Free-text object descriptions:
╭──

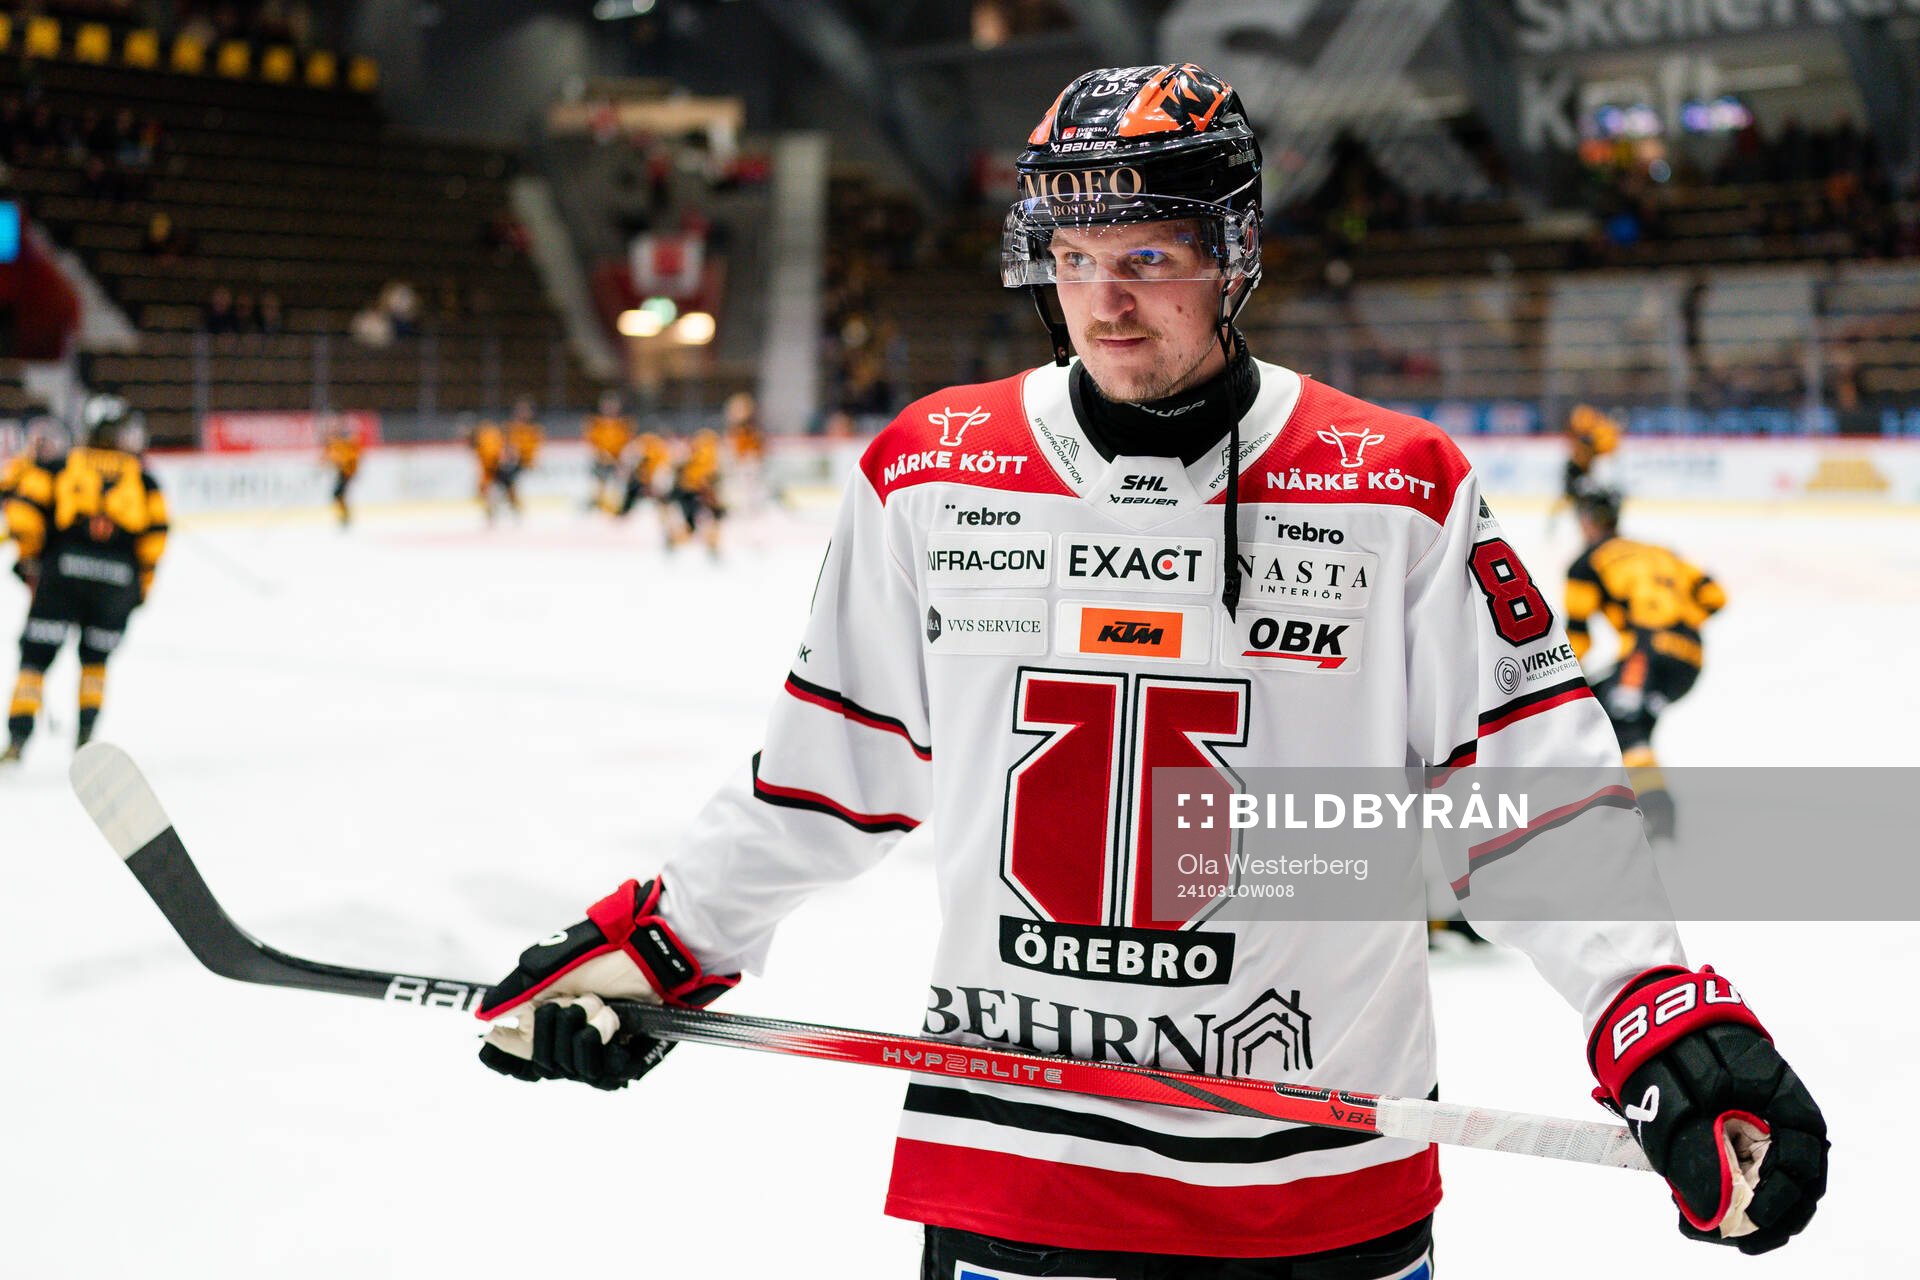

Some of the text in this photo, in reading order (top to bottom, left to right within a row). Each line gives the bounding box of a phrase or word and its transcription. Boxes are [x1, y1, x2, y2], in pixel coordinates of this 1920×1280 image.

[1023, 166, 1142, 204] MOFO
[884, 451, 1028, 485] NÄRKE KÖTT
[1034, 417, 1084, 485] BYGGPRODUKTION
[1208, 431, 1272, 489] BYGGODUKTION
[1121, 474, 1169, 492] SHL
[1266, 468, 1436, 500] NÄRKE KÖTT
[1237, 554, 1368, 588] NASTA
[1260, 584, 1343, 600] INTERIÖR
[1468, 537, 1554, 647] 8
[948, 619, 1041, 633] VVS SERVICE
[1097, 621, 1165, 645] KTM
[1249, 617, 1350, 656] OBK
[1014, 923, 1219, 980] ÖREBRO
[921, 984, 1217, 1074] BEHRN
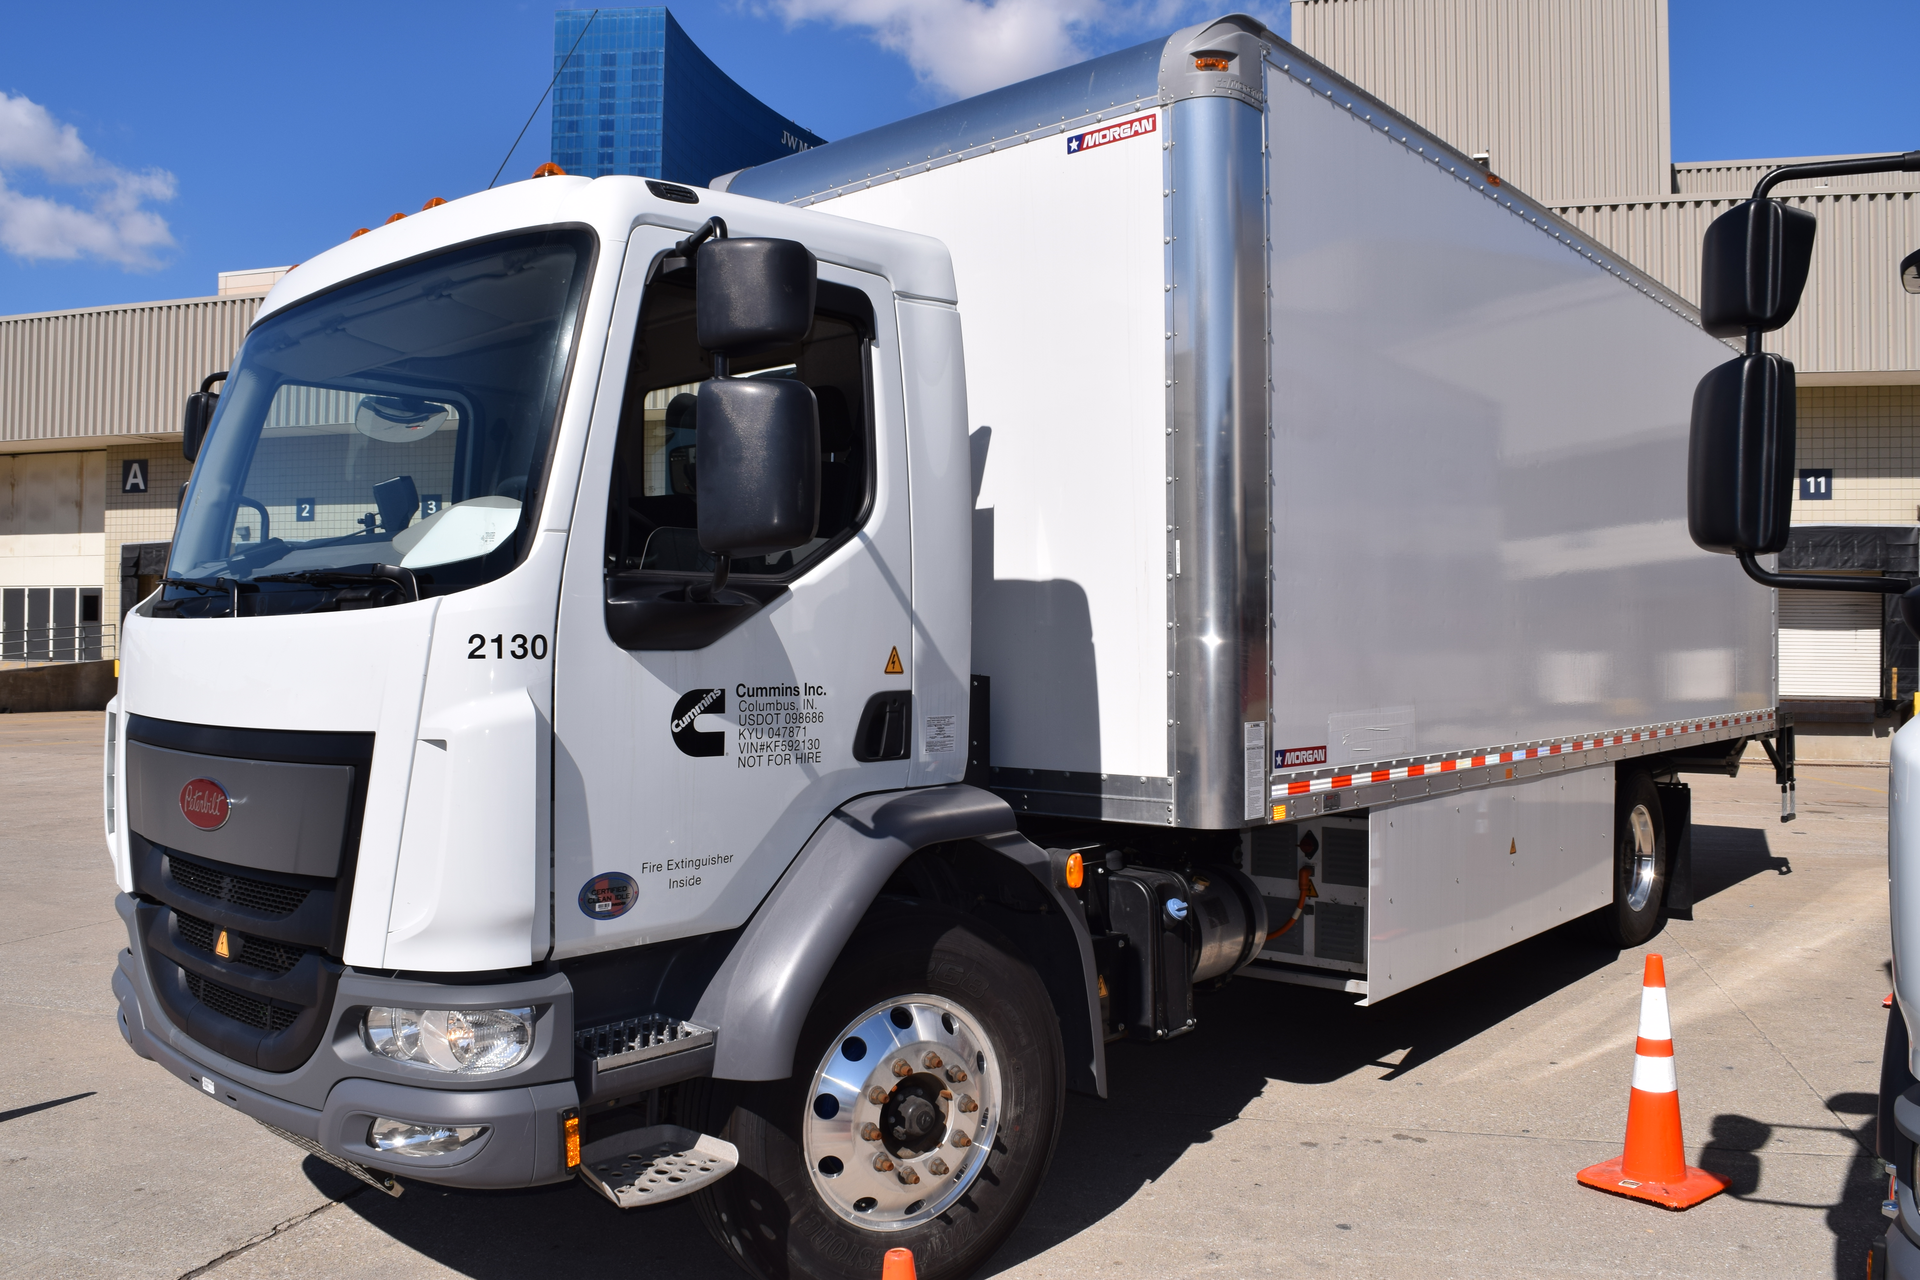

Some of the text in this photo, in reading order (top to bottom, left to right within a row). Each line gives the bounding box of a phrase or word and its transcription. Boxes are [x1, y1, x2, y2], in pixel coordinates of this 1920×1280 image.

[781, 130, 798, 150] JW
[1083, 117, 1153, 149] MORGAN
[125, 463, 145, 490] A
[1806, 476, 1826, 494] 11
[301, 504, 310, 517] 2
[427, 500, 437, 514] 3
[467, 633, 548, 660] 2130
[735, 682, 827, 698] Cummins Inc.
[671, 688, 722, 733] Cummins
[738, 698, 818, 713] Columbus, IN.
[738, 712, 824, 726] USDOT 098686
[738, 726, 807, 740] KYU 047871
[738, 739, 821, 754] VIN#KF592130
[738, 752, 821, 768] NOT FOR HIRE
[1284, 748, 1325, 765] MORGAN
[184, 785, 225, 815] Peterbilt
[641, 853, 734, 874] Fire Extinguisher
[668, 875, 702, 889] Inside
[587, 895, 612, 904] CLEAN
[615, 892, 631, 901] IDLE
[591, 885, 628, 896] CERTIFIED
[800, 1213, 975, 1272] BRIDESTONE

╰──

Directions for this task: Please write out every entry exactly, but skip the pictures.

Response:
Some of the text in this photo, in reading order (top to bottom, left to right within a row). Each line gives the bounding box of a phrase or word and its transcription. Boxes are [x1, y1, x2, y2], in pixel coordinates of this 1920×1280 image.

[1023, 166, 1142, 204] MOFO
[884, 451, 1028, 485] NÄRKE KÖTT
[1034, 417, 1084, 485] BYGGPRODUKTION
[1208, 431, 1272, 489] BYGGODUKTION
[1121, 474, 1169, 492] SHL
[1266, 468, 1436, 500] NÄRKE KÖTT
[1237, 554, 1368, 588] NASTA
[1260, 584, 1343, 600] INTERIÖR
[1468, 537, 1554, 647] 8
[948, 619, 1041, 633] VVS SERVICE
[1097, 621, 1165, 645] KTM
[1249, 617, 1350, 656] OBK
[1014, 923, 1219, 980] ÖREBRO
[921, 984, 1217, 1074] BEHRN

Some of the text in this photo, in reading order (top to bottom, left to right within a row). Each line gives the bounding box of a phrase or word and its transcription. Boxes are [x1, y1, x2, y2], in pixel coordinates of this 1920×1280 image.

[781, 130, 798, 150] JW
[1083, 117, 1153, 149] MORGAN
[125, 463, 145, 490] A
[1806, 476, 1826, 494] 11
[301, 504, 310, 517] 2
[427, 500, 437, 514] 3
[467, 633, 548, 660] 2130
[735, 682, 827, 698] Cummins Inc.
[671, 688, 722, 733] Cummins
[738, 698, 818, 713] Columbus, IN.
[738, 712, 824, 726] USDOT 098686
[738, 726, 807, 740] KYU 047871
[738, 739, 821, 754] VIN#KF592130
[738, 752, 821, 768] NOT FOR HIRE
[1284, 748, 1325, 765] MORGAN
[184, 785, 225, 815] Peterbilt
[641, 853, 734, 874] Fire Extinguisher
[668, 875, 702, 889] Inside
[587, 895, 612, 904] CLEAN
[615, 892, 631, 901] IDLE
[591, 885, 628, 896] CERTIFIED
[800, 1213, 975, 1272] BRIDESTONE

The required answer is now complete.